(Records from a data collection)
%%

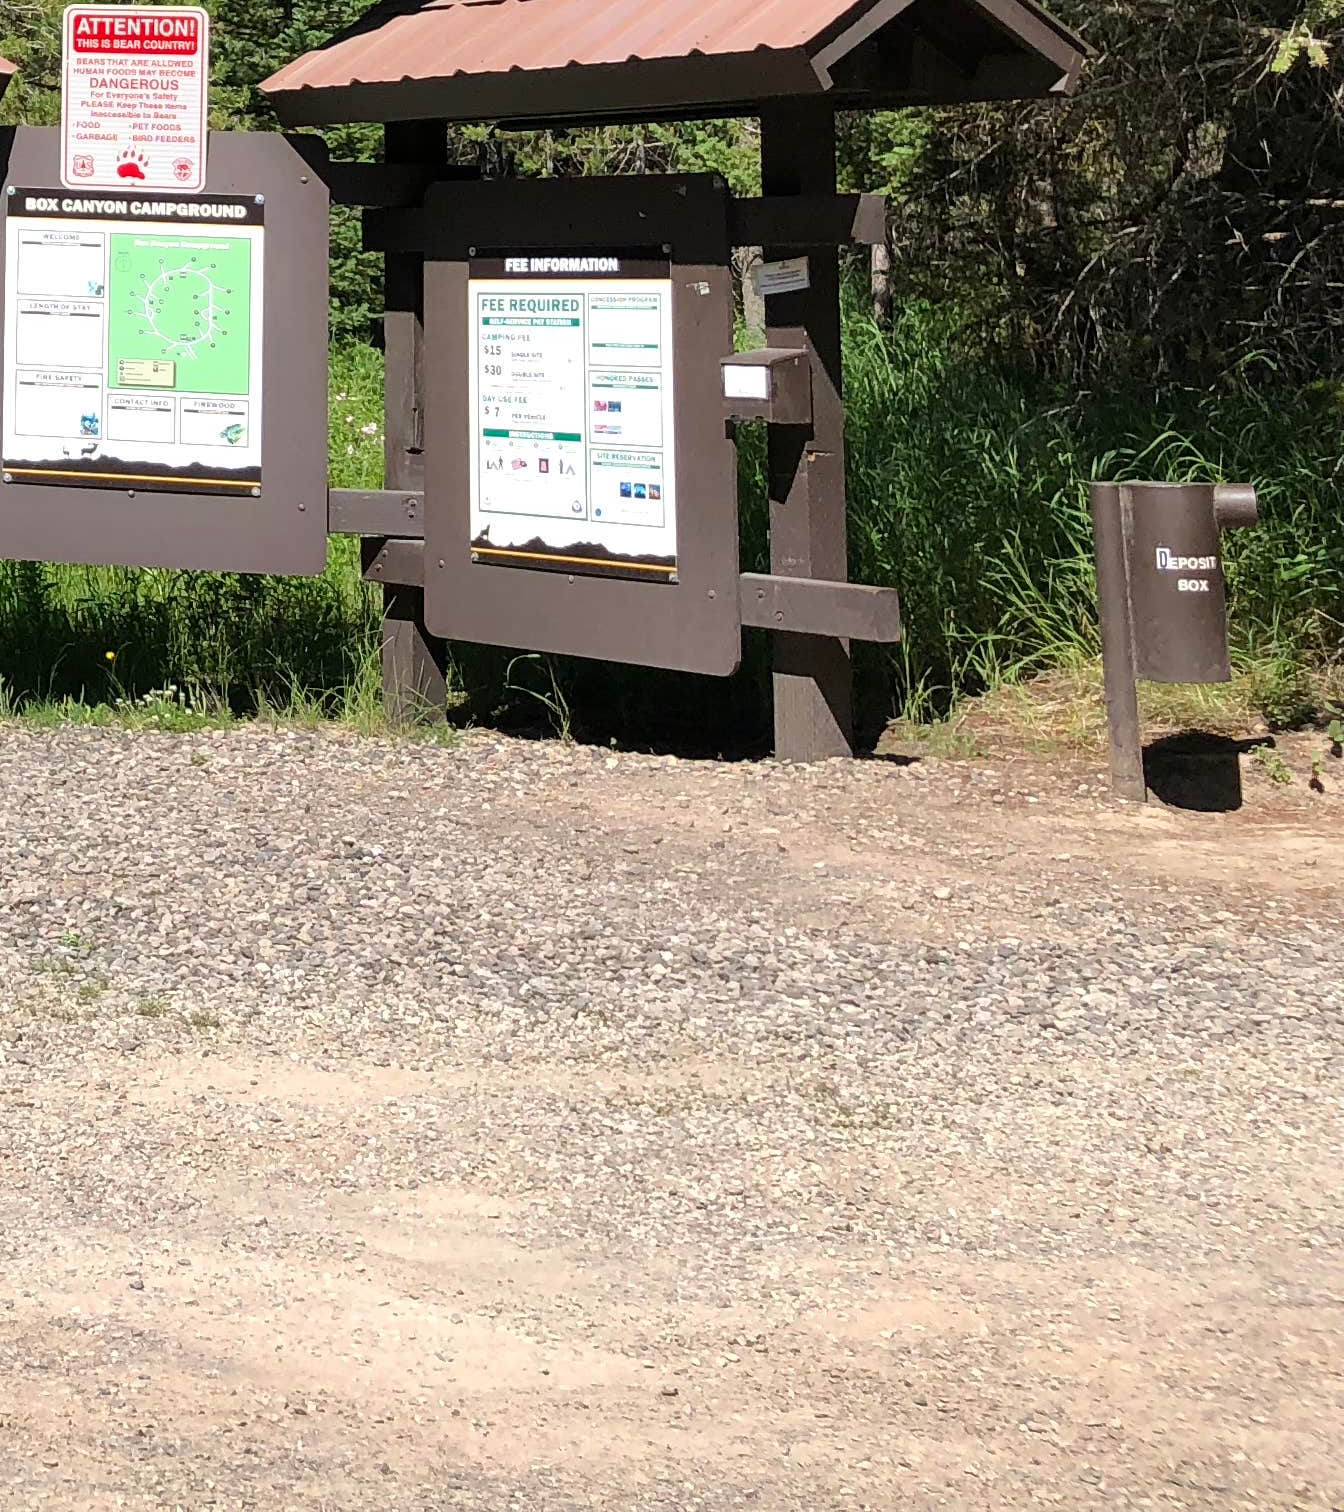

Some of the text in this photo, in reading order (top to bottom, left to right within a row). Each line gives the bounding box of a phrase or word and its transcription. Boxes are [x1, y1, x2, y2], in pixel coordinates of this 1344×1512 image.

[77, 18, 195, 37] ATTENTION!
[76, 38, 195, 50] THIS IS BEAR COUNTRY!
[90, 78, 179, 90] DANGEROUS
[106, 92, 150, 101] Everyone's
[153, 93, 178, 101] Safety
[117, 102, 137, 110] Keep
[91, 110, 140, 118] Inaccessible
[76, 121, 100, 129] FOOD
[152, 123, 182, 131] FOODS
[76, 133, 117, 141] GARBAGE
[25, 198, 247, 218] BOX CANYON CAMPGROUND
[505, 258, 619, 272] FEE INFORMATION
[482, 299, 579, 313] FEE REQUIRED
[484, 345, 502, 356] $15
[484, 365, 502, 376] $30
[1156, 548, 1216, 569] DEPOSIT
[1177, 579, 1209, 591] BOX
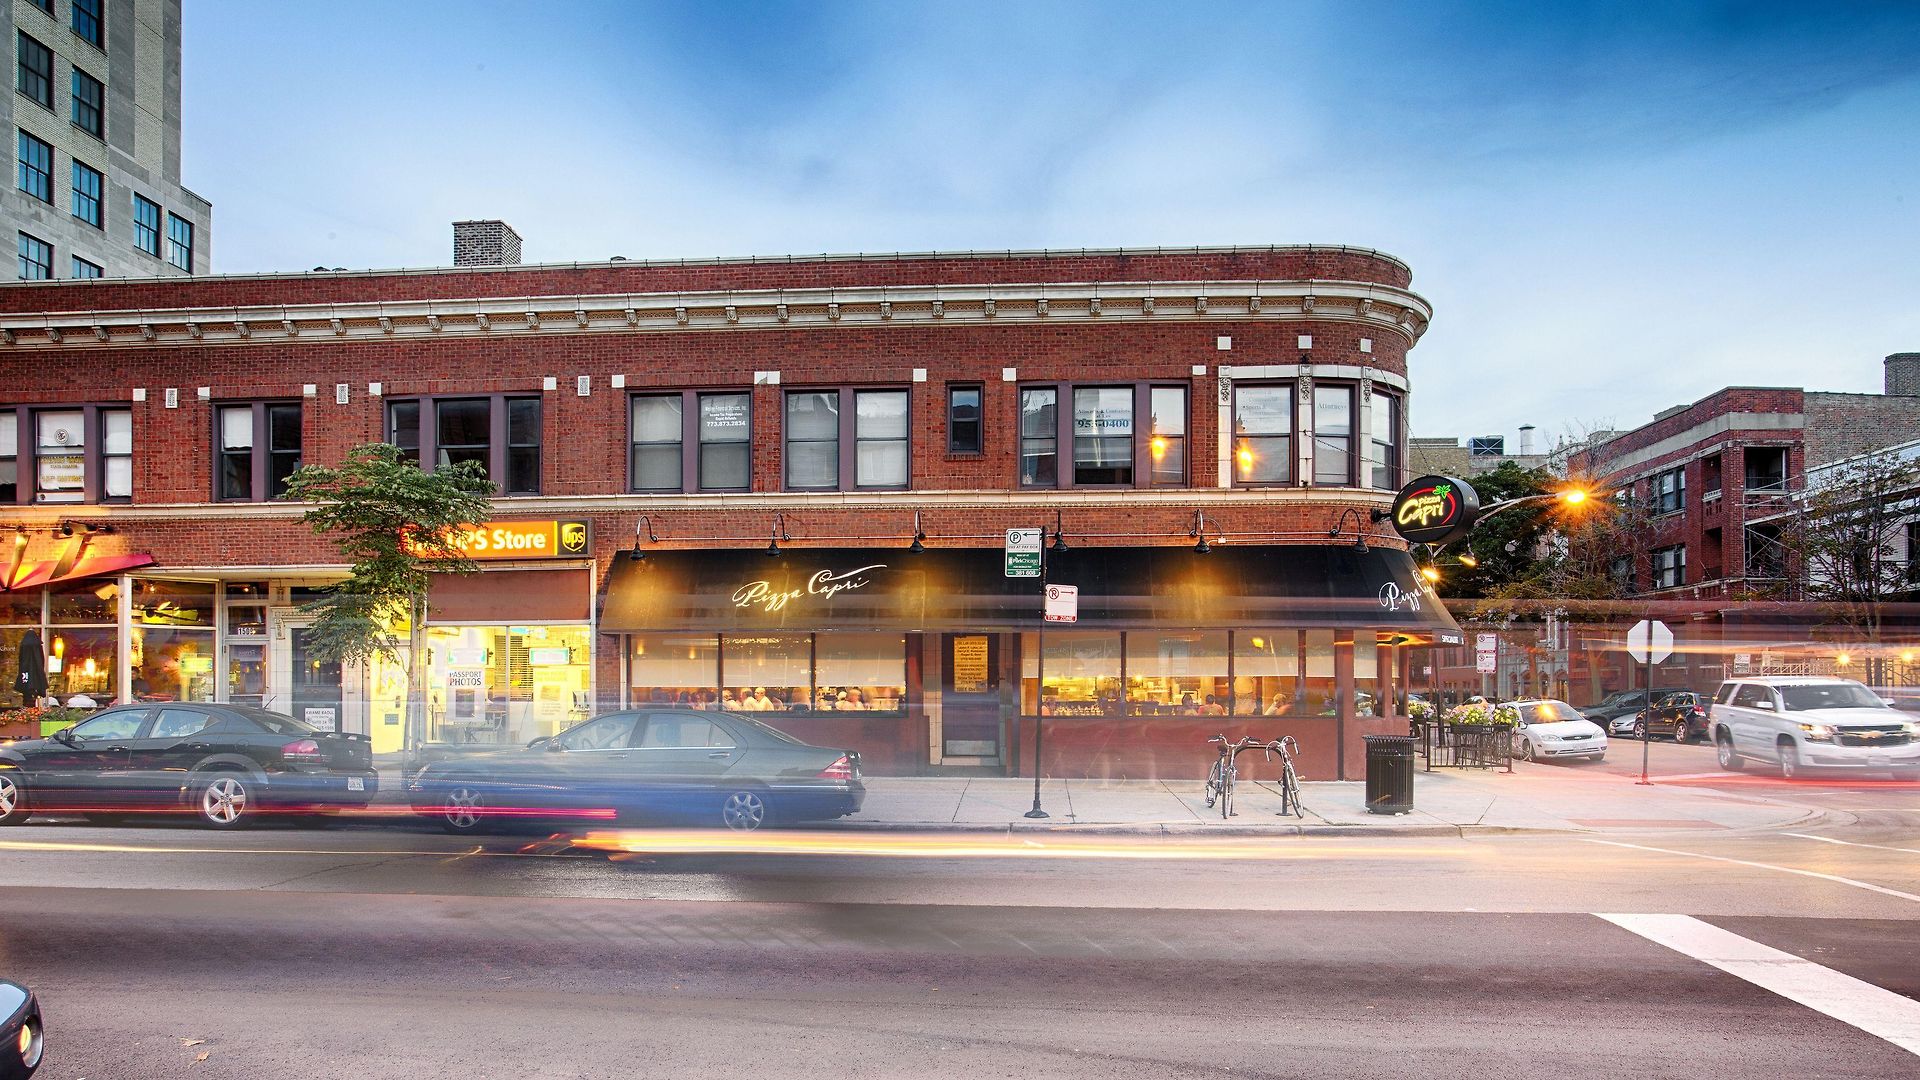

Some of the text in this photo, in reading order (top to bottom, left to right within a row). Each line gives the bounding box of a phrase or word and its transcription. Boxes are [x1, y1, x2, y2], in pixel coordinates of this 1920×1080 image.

[1398, 498, 1445, 526] Capri
[493, 529, 545, 550] Store
[564, 531, 584, 547] ups
[732, 564, 888, 612] Pizza Capri
[1379, 581, 1423, 612] Pizza
[449, 670, 482, 678] PASSPORT
[449, 678, 482, 686] PHOTOS
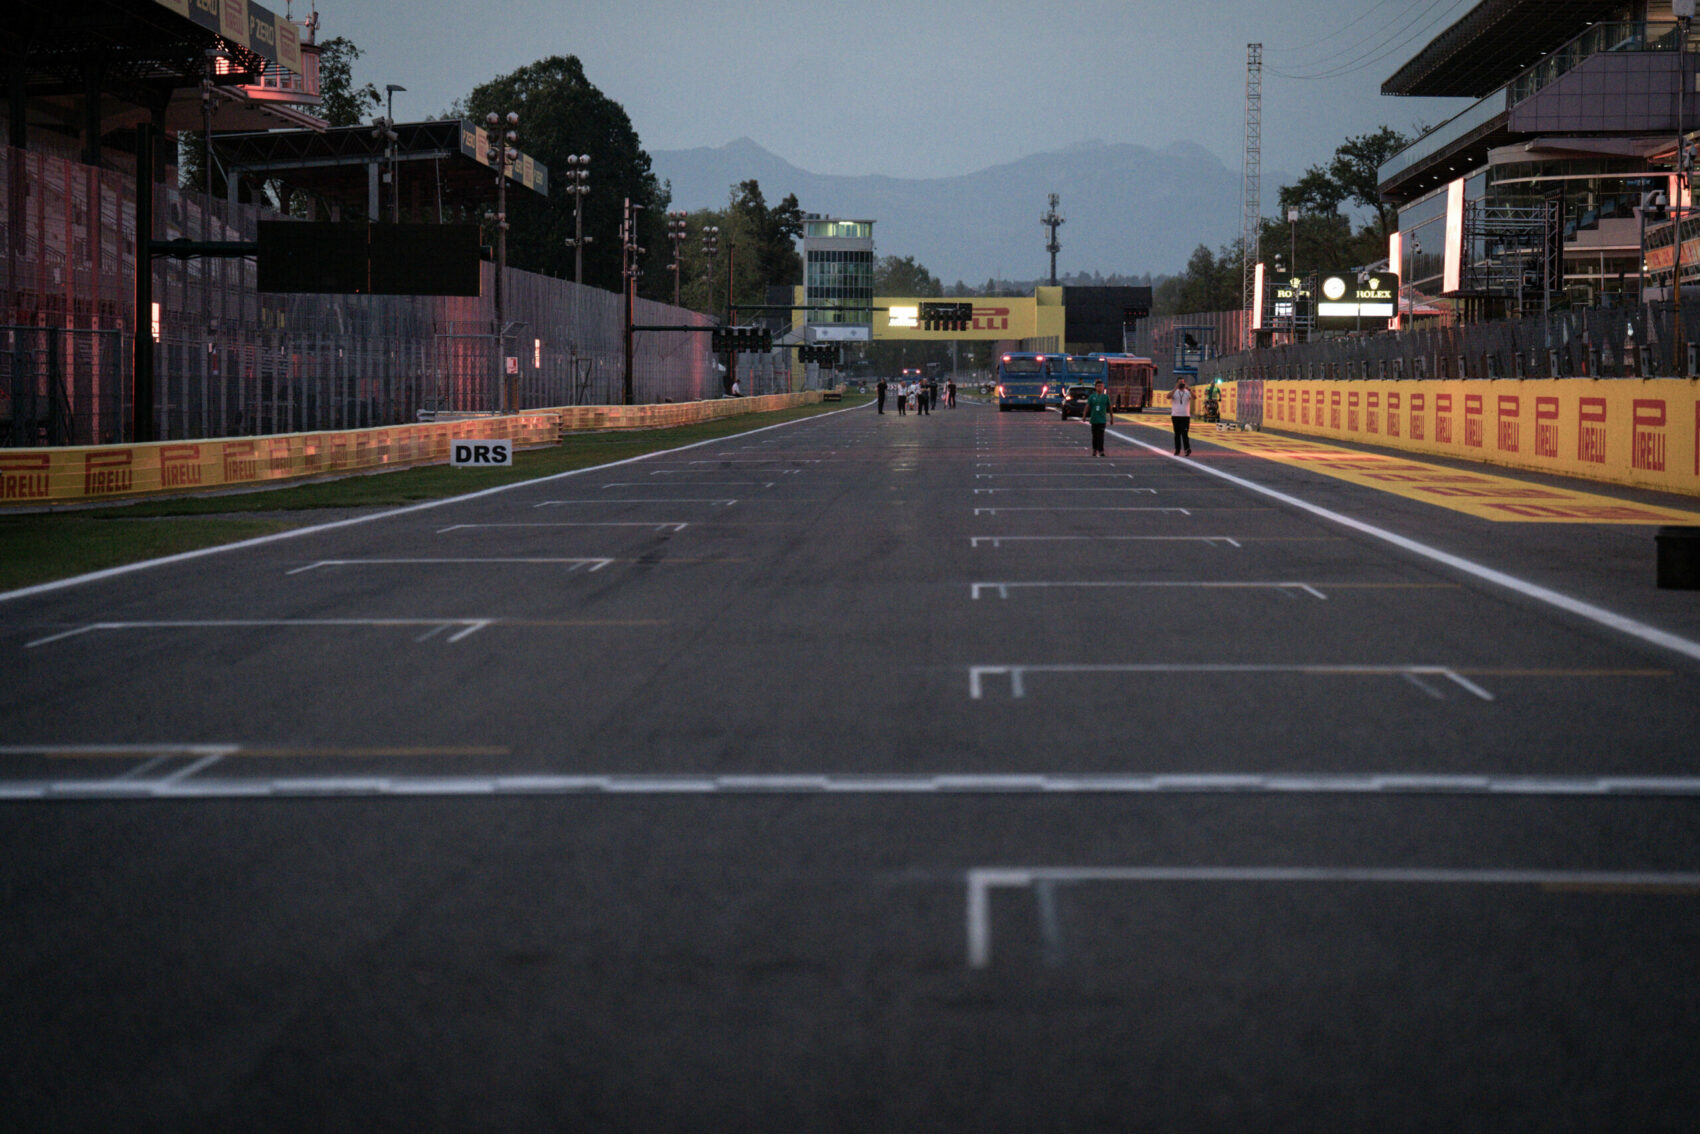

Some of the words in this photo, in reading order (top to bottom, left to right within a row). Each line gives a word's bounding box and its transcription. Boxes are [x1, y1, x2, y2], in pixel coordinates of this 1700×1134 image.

%%

Exercise | The answer must be the exact lines from the line with "this 1920×1080 image." to the final line of the data, both ends included, with no pictures.

Answer to this task |
Some of the text in this photo, in reading order (top to bottom, left to right within a row). Each line gives the bounding box of a phrase or word and its transcription. Boxes are [x1, y1, x2, y2], in pixel coordinates of this 1920×1080 image.

[1398, 498, 1445, 526] Capri
[493, 529, 545, 550] Store
[564, 531, 584, 547] ups
[732, 564, 888, 612] Pizza Capri
[1379, 581, 1423, 612] Pizza
[449, 670, 482, 678] PASSPORT
[449, 678, 482, 686] PHOTOS

Some of the words in this photo, in reading order (top to bottom, left to right within a row). Each line gives a word's bounding box and its transcription. Boxes are [x1, y1, x2, y2], in pixel coordinates of this 1700×1134 image.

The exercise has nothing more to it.